▶ [About this task] Set every record down again exactly. Do not carry over the pictures.

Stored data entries

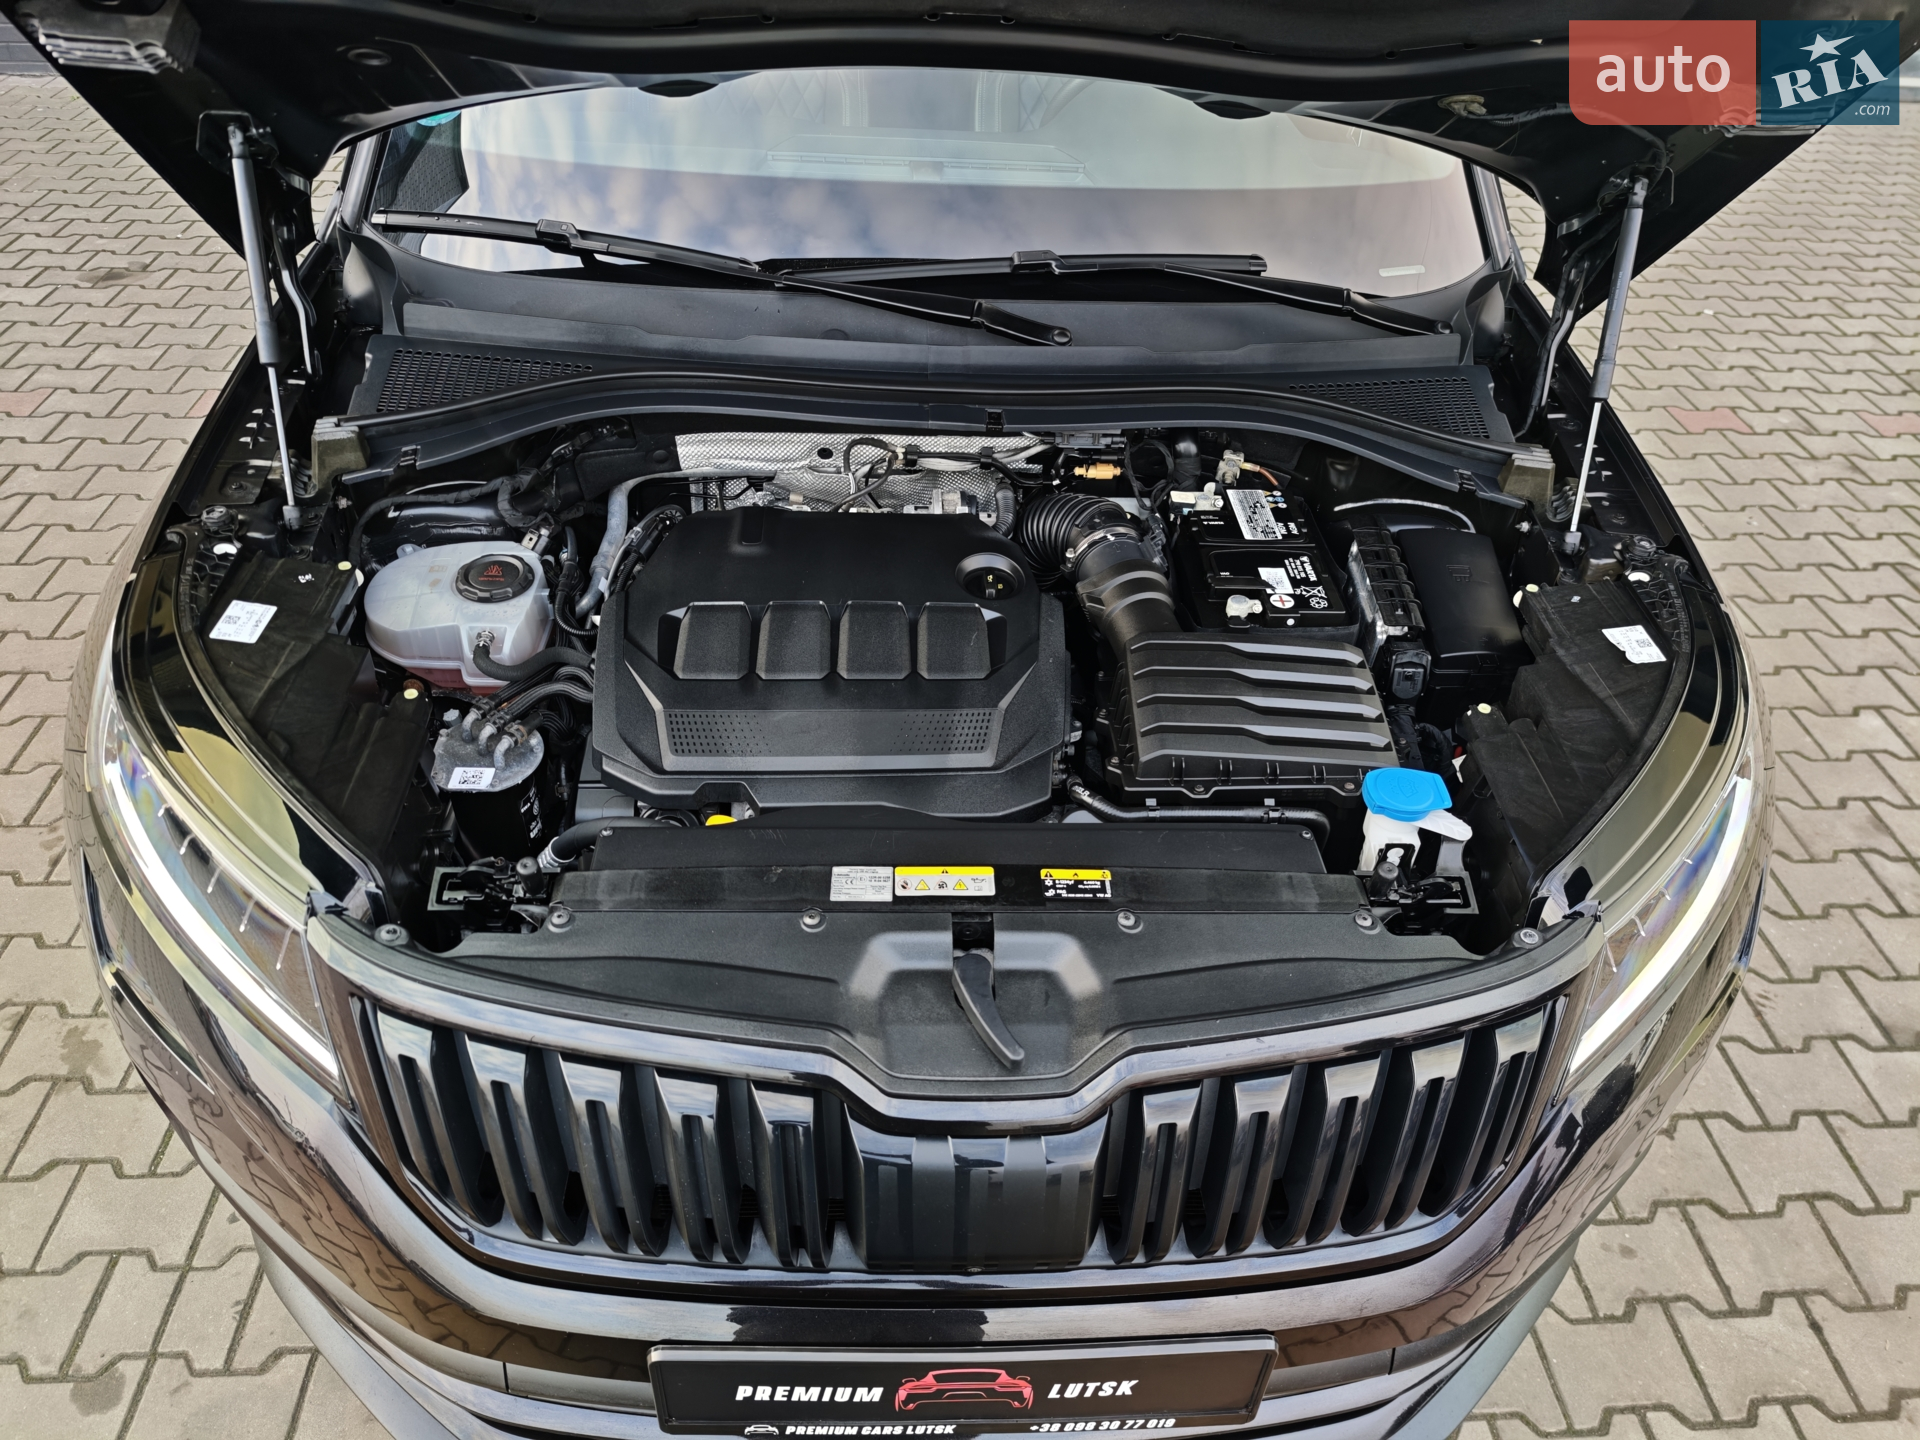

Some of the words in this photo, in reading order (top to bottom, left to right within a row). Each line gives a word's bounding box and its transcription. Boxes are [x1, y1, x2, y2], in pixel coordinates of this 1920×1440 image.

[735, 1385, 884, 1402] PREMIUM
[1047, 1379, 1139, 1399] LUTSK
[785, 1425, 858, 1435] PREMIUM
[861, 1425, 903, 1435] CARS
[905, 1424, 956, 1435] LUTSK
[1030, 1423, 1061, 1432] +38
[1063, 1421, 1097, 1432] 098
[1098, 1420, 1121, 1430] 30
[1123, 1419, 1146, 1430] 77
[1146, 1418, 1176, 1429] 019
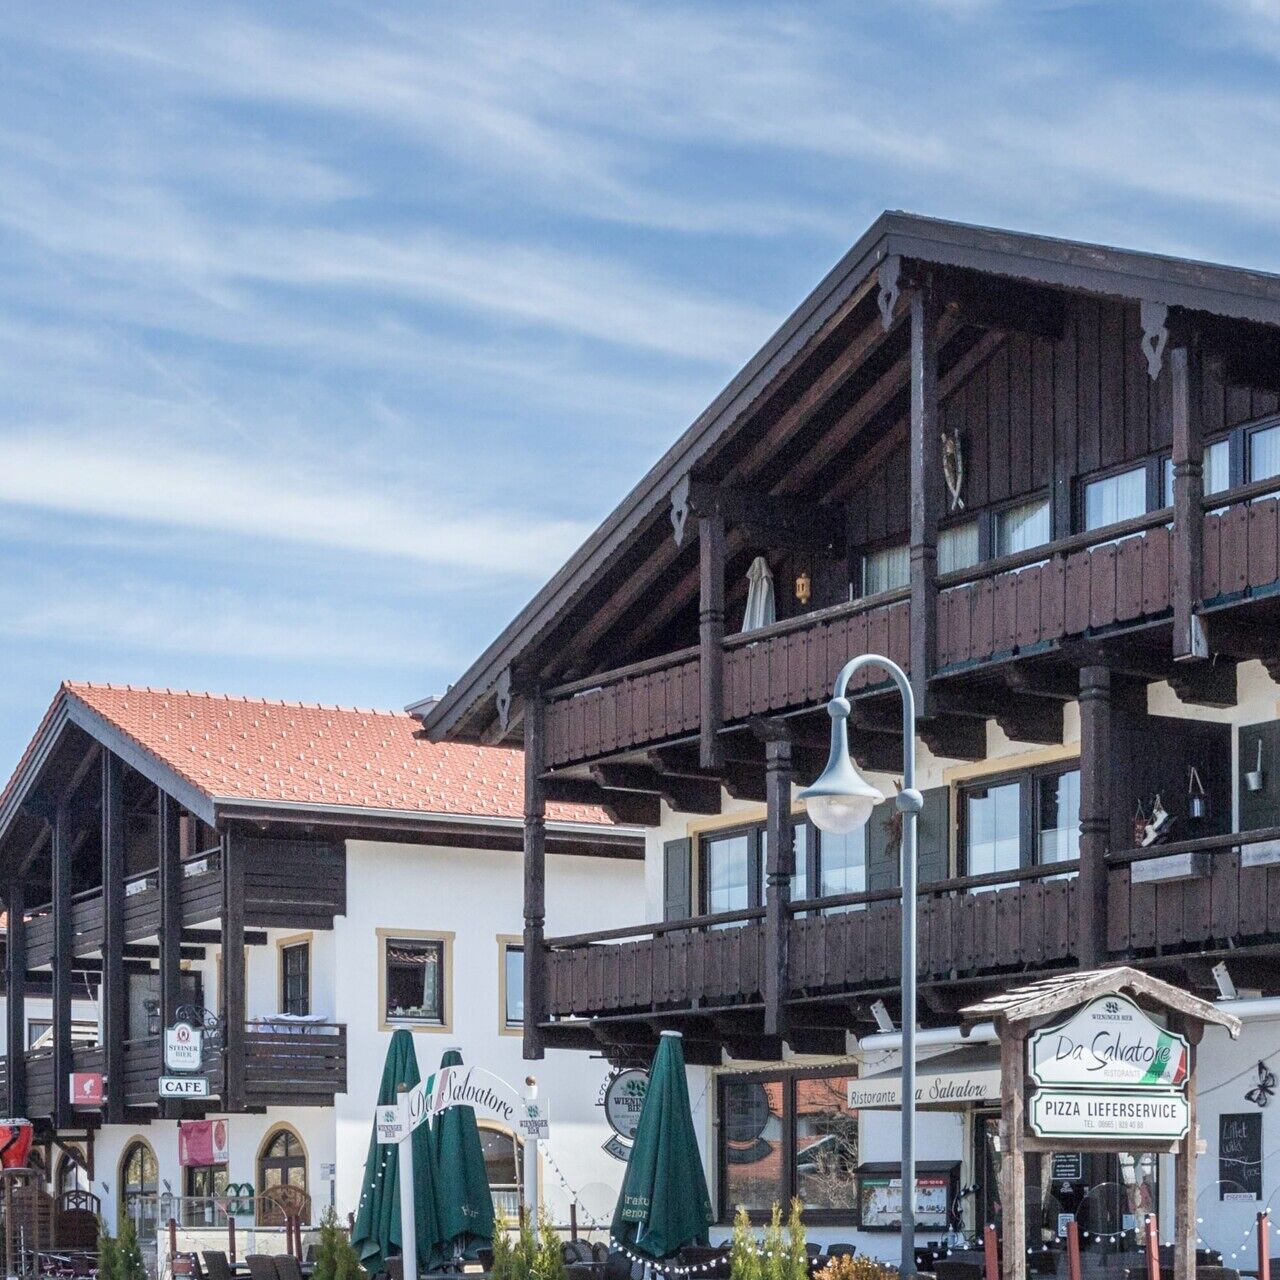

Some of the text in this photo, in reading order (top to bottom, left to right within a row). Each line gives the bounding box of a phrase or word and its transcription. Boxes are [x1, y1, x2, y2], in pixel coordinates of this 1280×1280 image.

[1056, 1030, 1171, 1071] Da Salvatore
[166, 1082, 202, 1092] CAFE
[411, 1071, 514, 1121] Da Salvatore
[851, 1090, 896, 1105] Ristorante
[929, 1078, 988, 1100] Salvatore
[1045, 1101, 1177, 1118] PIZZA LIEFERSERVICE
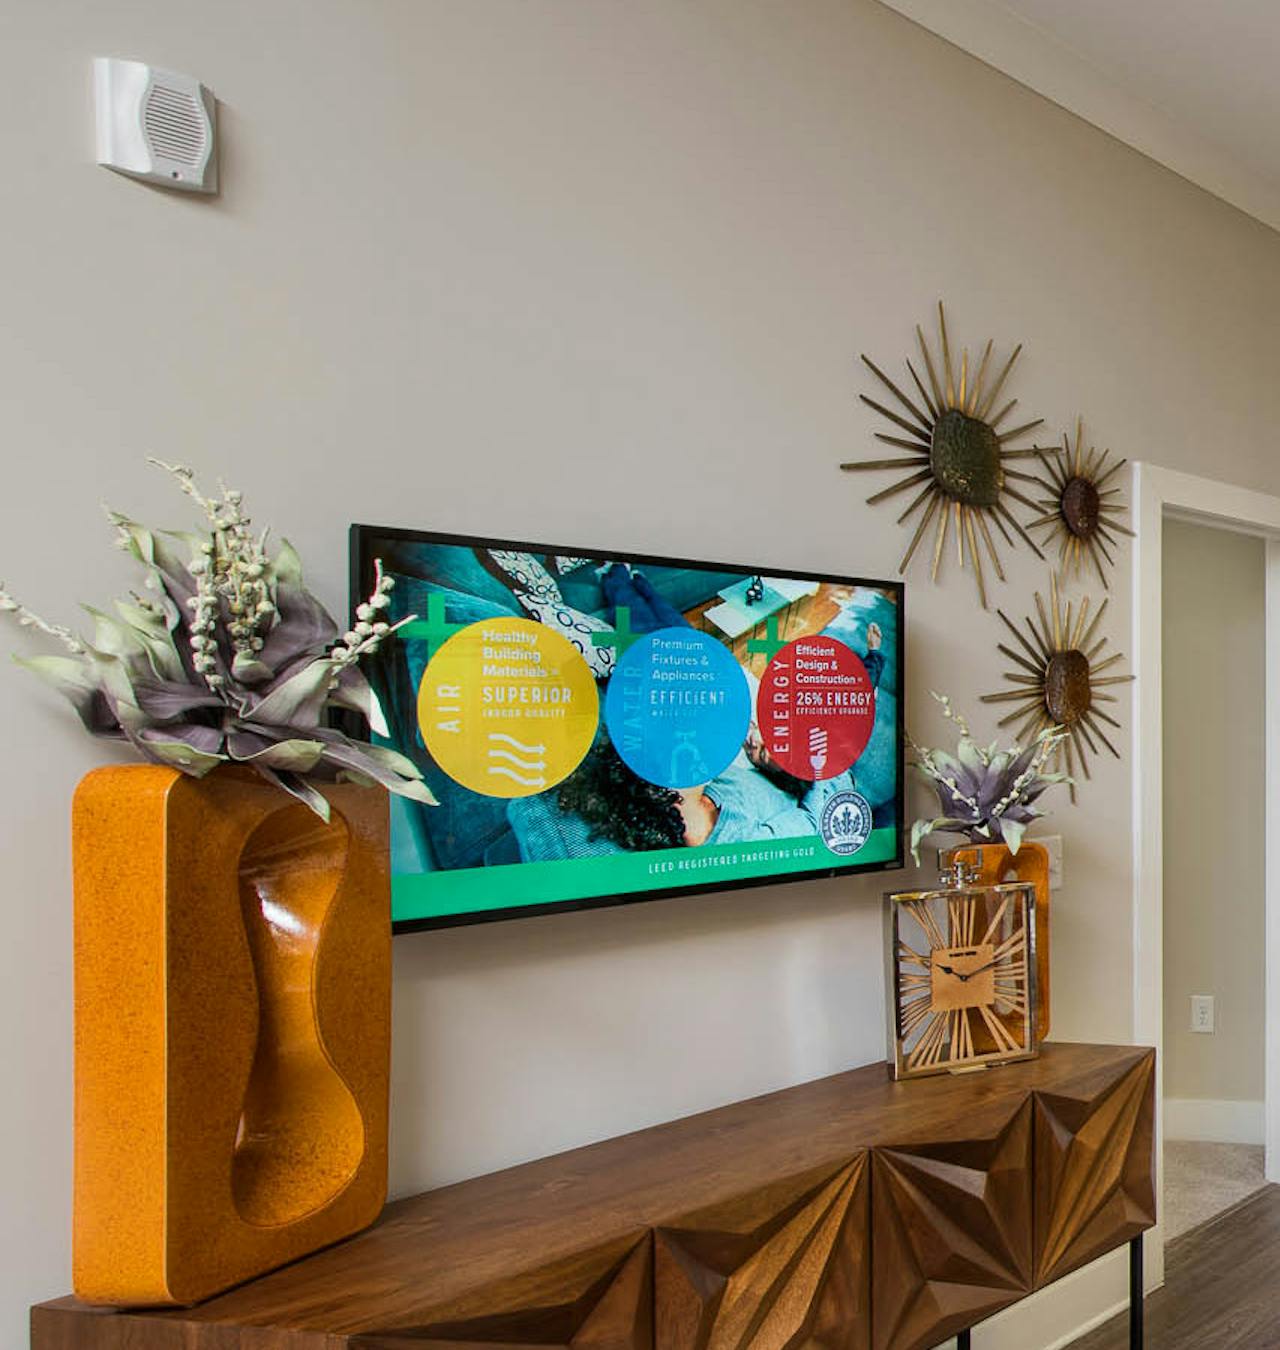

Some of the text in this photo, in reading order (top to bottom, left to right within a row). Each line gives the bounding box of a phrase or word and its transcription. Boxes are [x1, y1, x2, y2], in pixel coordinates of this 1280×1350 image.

▶ [Response]
Some of the words in this photo, in reading order (top to bottom, left to right within a row). Each line gives a word's bounding box and its transcription. Boxes are [x1, y1, x2, y2], in pixel coordinates of this 1920×1440 image.

[735, 1385, 884, 1402] PREMIUM
[1047, 1379, 1139, 1399] LUTSK
[785, 1425, 858, 1435] PREMIUM
[861, 1425, 903, 1435] CARS
[905, 1424, 956, 1435] LUTSK
[1030, 1423, 1061, 1432] +38
[1063, 1421, 1097, 1432] 098
[1098, 1420, 1121, 1430] 30
[1123, 1419, 1146, 1430] 77
[1146, 1418, 1176, 1429] 019

Some of the text in this photo, in reading order (top to bottom, left to right within a row). Each line gives the bounding box of a phrase or word and its transcription. Boxes are [x1, y1, x2, y2], in pixel coordinates of this 1280×1280 image.

[1056, 1030, 1171, 1071] Da Salvatore
[166, 1082, 202, 1092] CAFE
[411, 1071, 514, 1121] Da Salvatore
[851, 1090, 896, 1105] Ristorante
[929, 1078, 988, 1100] Salvatore
[1045, 1101, 1177, 1118] PIZZA LIEFERSERVICE

Some of the text in this photo, in reading order (top to bottom, left to right within a row). Each line gives the bounding box of a phrase or word and its transcription. Boxes are [x1, y1, x2, y2], in pixel coordinates of this 1280×1350 image.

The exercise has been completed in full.